首都圏での経済特区新設停止命令に業界団体が反発

(フィリピン)

マニラ発

2019年09月10日

フィリピンITビジネス・プロセス協会(IBPAP)のレイ・ウンタル会長は9月4日、マニラ市長およびケソン市長と面会し、ドゥテルテ大統領が6月に発出したマニラ首都圏での経済特区新設停止を命じる行政命令の対象から、マニラ首都圏の8つの市の除外を求める大統領府への要望書への支持を求めた。

マニラ首都圏外の地方都市での経済特区開発による地方経済の発展を促すため、ドゥテルテ大統領は6月17日、マニラ首都圏での経済特区新設停止を命じる行政命令を交付し、同命令は即日発効した。現在、国内に278カ所存在するITパークのうち、6割の167カ所が、通信環境が比較的整っているマニラ首都圏に立地している。

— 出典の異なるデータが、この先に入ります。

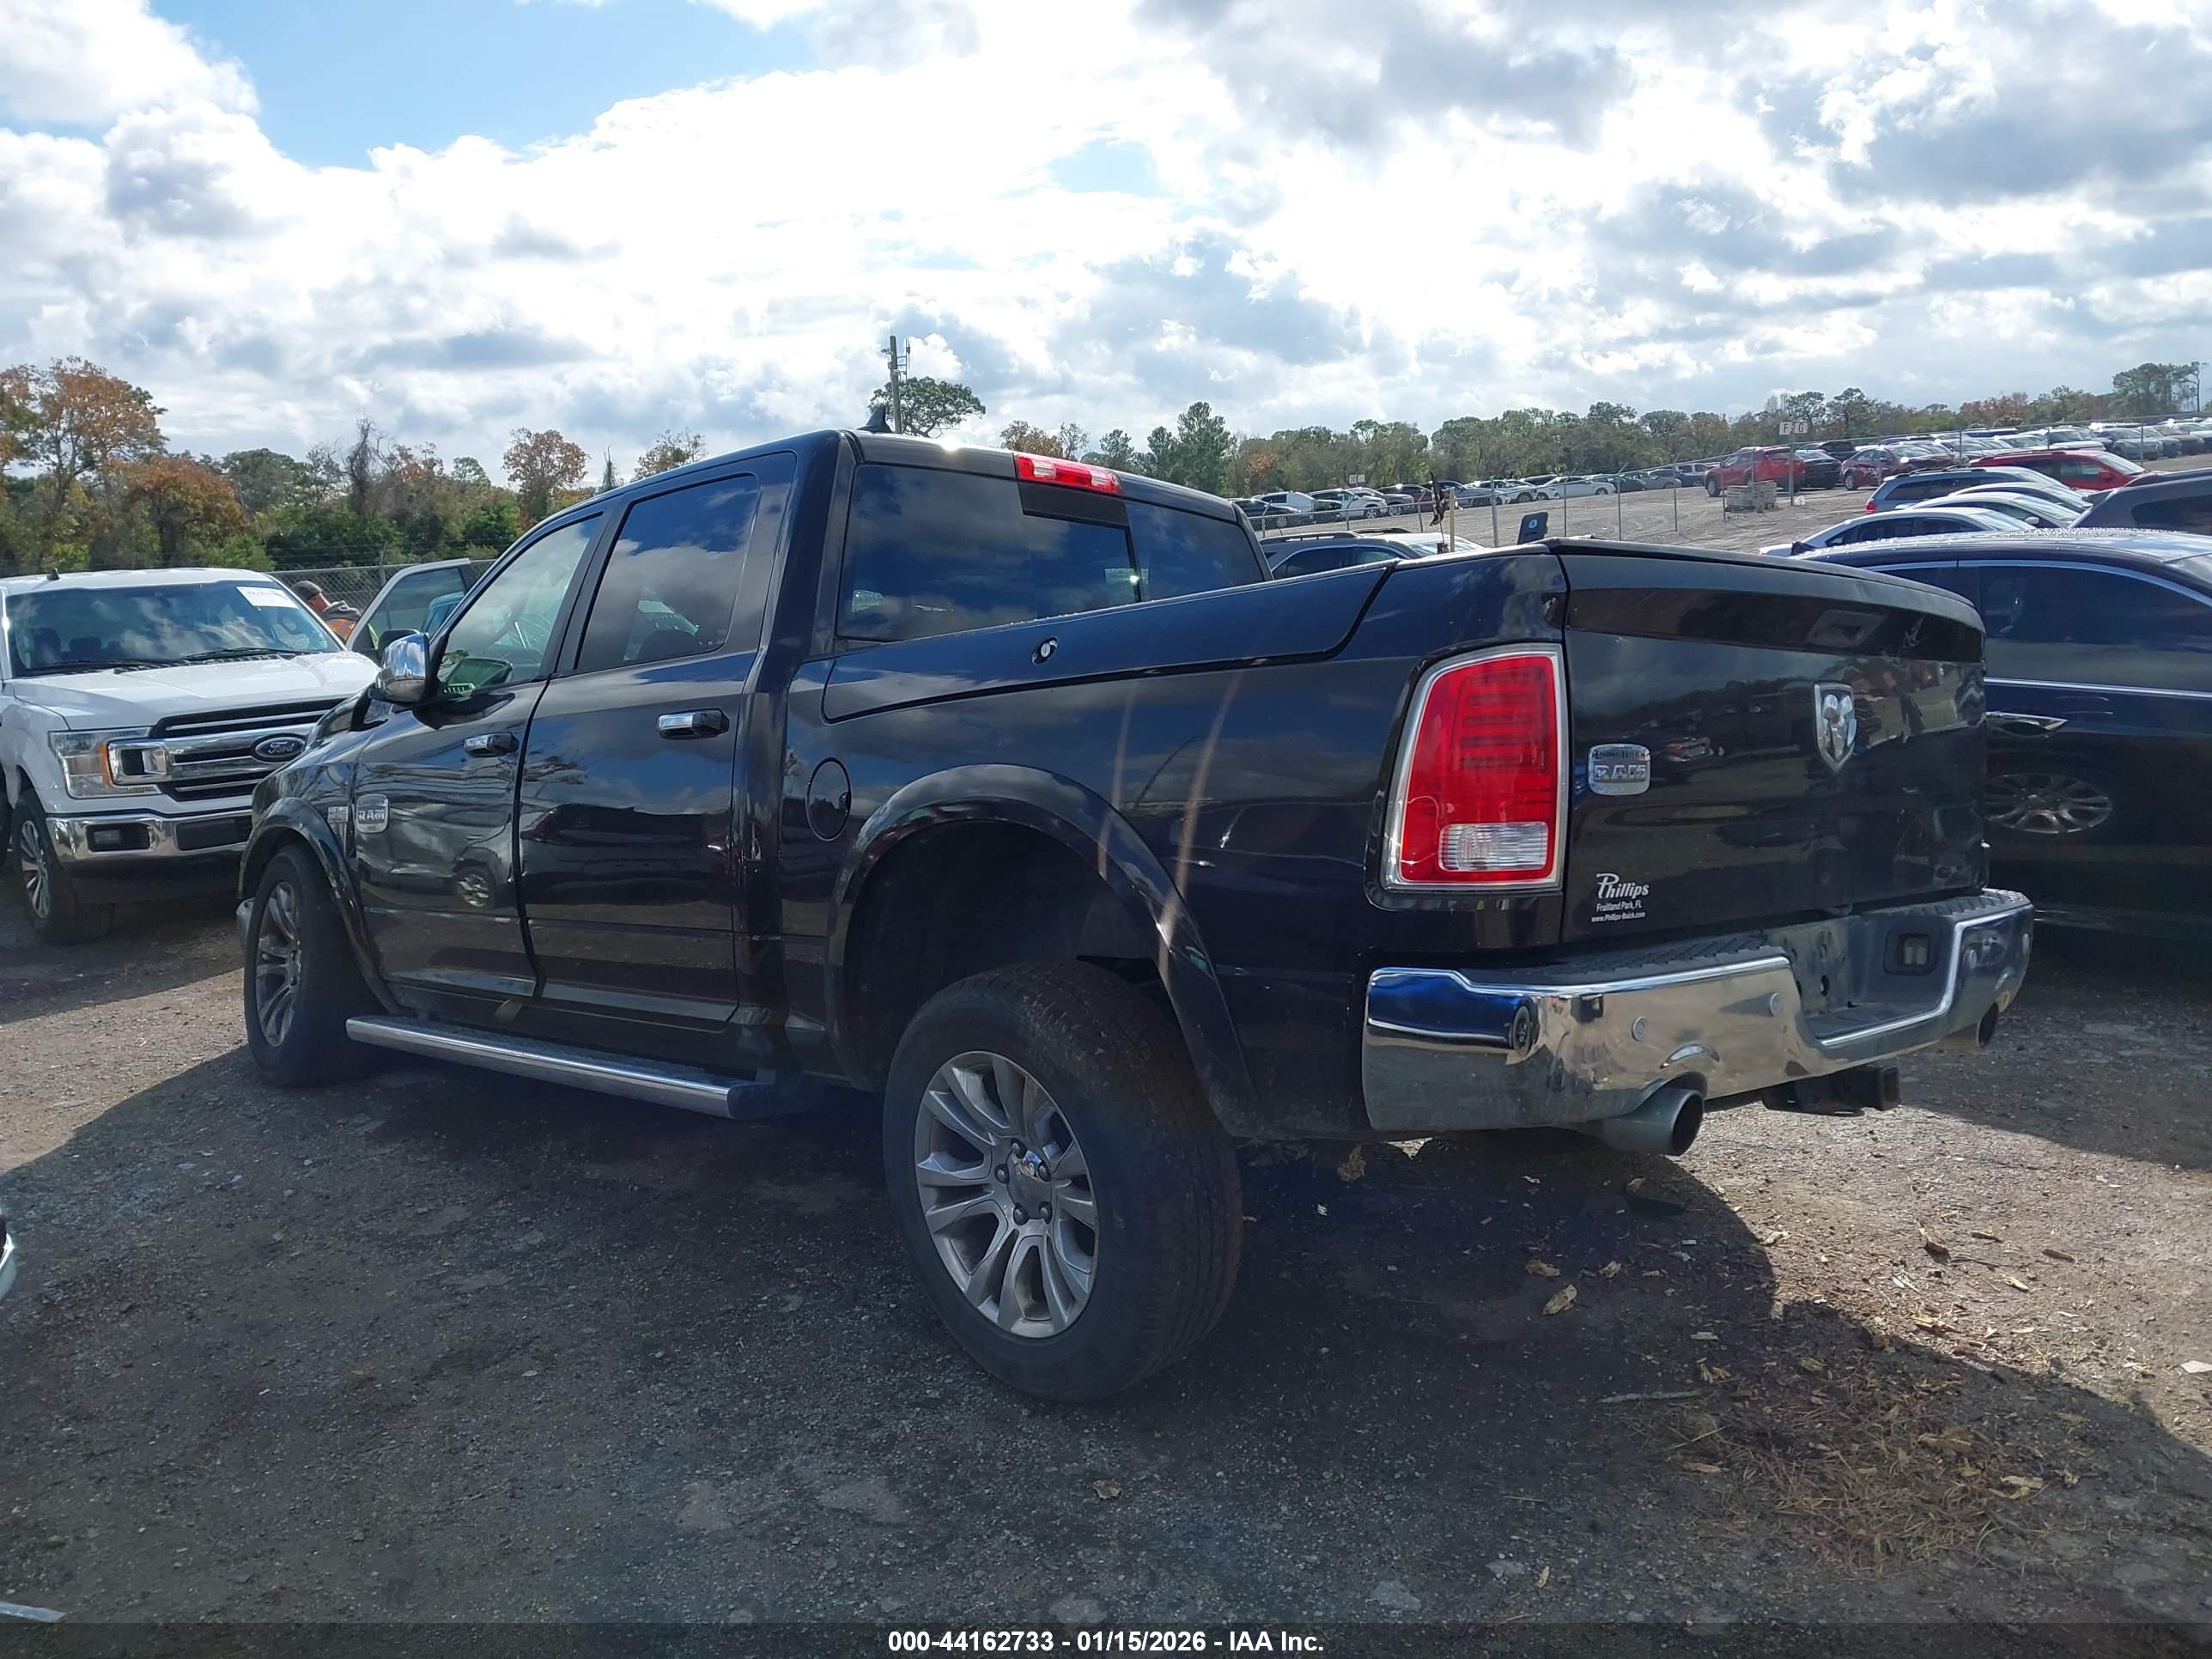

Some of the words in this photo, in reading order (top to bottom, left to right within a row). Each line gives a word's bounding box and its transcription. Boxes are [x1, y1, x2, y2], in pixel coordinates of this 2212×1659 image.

[267, 741, 295, 754] Ford
[358, 809, 386, 821] RAM
[1596, 873, 1649, 899] Phillips
[1596, 902, 1620, 912] Fruitland

IBPAPおよび多くのITパークを所管するフィリピン経済特区庁(PEZA)は、同命令の対象からITパークが存在しないか1つしかないマニラ市、ラスピニャス市、バレンズエラ市、サンフアン市、マリキナ市、マラボン市、パテロス市、カローカン市の8市を、除外することを求める要望書を大統領府に提出している。

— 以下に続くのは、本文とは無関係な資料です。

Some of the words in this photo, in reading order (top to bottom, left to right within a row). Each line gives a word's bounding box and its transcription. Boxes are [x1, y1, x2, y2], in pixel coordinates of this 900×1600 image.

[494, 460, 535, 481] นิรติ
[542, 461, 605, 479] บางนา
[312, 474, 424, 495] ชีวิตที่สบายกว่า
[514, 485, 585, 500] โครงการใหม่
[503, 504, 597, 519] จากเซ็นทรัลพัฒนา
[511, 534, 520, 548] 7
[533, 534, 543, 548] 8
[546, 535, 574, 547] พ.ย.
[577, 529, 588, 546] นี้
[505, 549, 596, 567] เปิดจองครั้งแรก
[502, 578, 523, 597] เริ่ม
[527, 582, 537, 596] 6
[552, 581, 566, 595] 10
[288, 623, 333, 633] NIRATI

レイ・ウンタル会長は地元メディアに対して、PEZAの承認は下りたが、6月の行政命令発出までに大統領府に提出できなかった計131件、1,600億ペソ(約3,360億円、1ペソ=約2.1円)相当の新規投資計画が存在し、これらは現在もまだ大統領府からの承認が下りていない状況だと説明した。同会長はまた、IT-BPO業界は毎年6万人の新規雇用を生み出し、2018年末時点で123万人を雇用しているとした上で、「仮に8市の除外が承認されなかった場合、この国の雇用と歳入にどれほどの悪影響があるか調査を行っている」と説明した。